Inicié el recorrido con un handicap, la escala de una hora y media en Mérida que anunciaba mi reservación para el vuelo 420 de Aeroméxico. Un banco de niebla le sumó muy pronto una demora de cuatro horas y media al despegue. Los empleados de la aerolínea me tranquilizaron; el segundo tramo del vuelo lo haría en el mismo avión; al menos no había riesgo de perder la conexión.
Al aterrizar en Mérida nos informaron que los cinco pasajeros que seguíamos hasta Miami también deberíamos descender. Una empleada nos recibió con nuestro segundo pase de abordar y nos guió por un recorrido que nos hizo pasar una vez más por los controles de seguridad. Ya instalados en la sala de espera llegó el anuncio: el vuelo a Miami estaba cancelado.
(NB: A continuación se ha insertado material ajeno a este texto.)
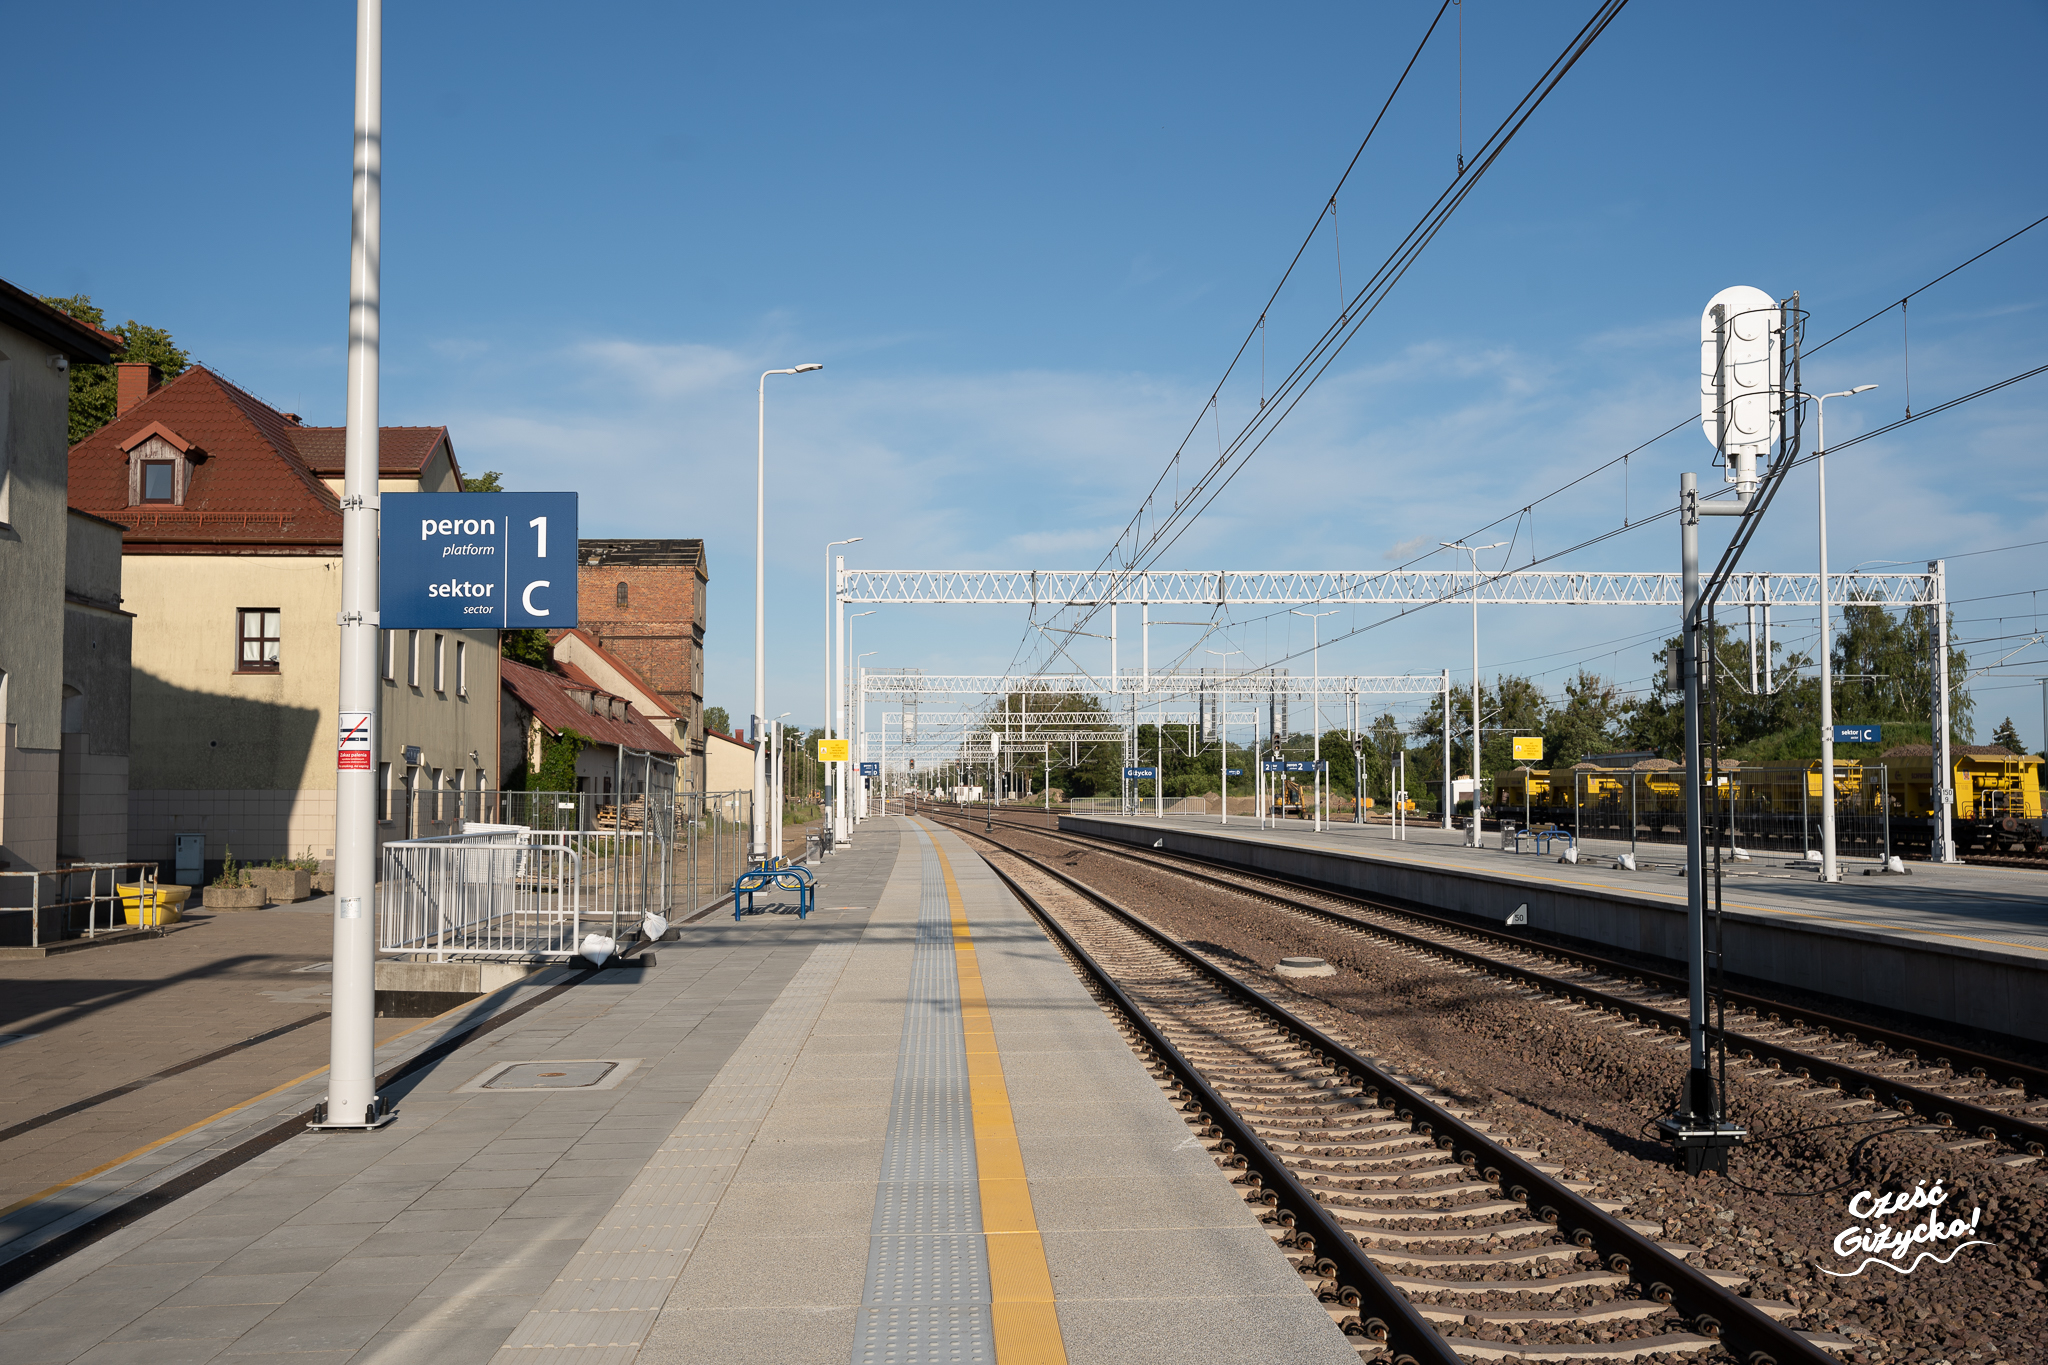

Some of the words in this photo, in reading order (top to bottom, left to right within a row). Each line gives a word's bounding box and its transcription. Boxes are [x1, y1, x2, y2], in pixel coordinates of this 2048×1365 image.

La línea para resolver la situación avanzó lento. Cada pasajero frustrado aprovechaba sus 15 minutos de negociación con el empleado del mostrador para desahogarse como si tuviera enfrente la cámara de un reality show que le estuviera otorgando sus 15 minutos de fama warholiana.
Dos horas después, cuando llegó mi turno, solo tenía dos opciones: regresar a la Ciudad de México para intentar volar a Miami a la mañana siguiente (con el riesgo de que la situación se repitiera) o viajar a Cancún para volar a Miami a las 7 de la mañana. Opté por la segunda, que implicó entonces un viaje en autobús de cuatro horas y media para llegar a mi nuevo punto de salida.
En el trayecto entre el aeropuerto y la central de autobuses recordé la lección que me regaló el negroni con que me había despedido la noche anterior del Distrito Federal: lo único que importa es saber estar(se). Respiré profundo y hasta me pareció que la fachada de una tienda local podría formar parte del furor geométrico que vive el mundo del arte.
Termino de escribir esto a la 1:17 de la mañana del 1 de diciembre. Yo suponía que estaría regresando a mi hotel de diseño en Brickell después de haber asistido, por morbo, a la exposición de la obra del Príncipe Lorenzo de Medici en la galería Nina Torres. En su lugar, estoy en la anodina habitación 228 del Courtyard Cancún, que me parece la mejor síntesis de esos "no lugares" (como los calificaría el antropólogo Marc Augé), en que transcurrió mi vida hoy.

En fin, yo sólo quiero llegar a Miami, para poder constatar de maneras más interesantes, a través del arte, lo que ya me recordó este día: que todas nuestras concepciones del tiempo y del espacio, y las manera en que nos relacionamos con ellos, son arbitrarias y dependen de un equilibrio precario.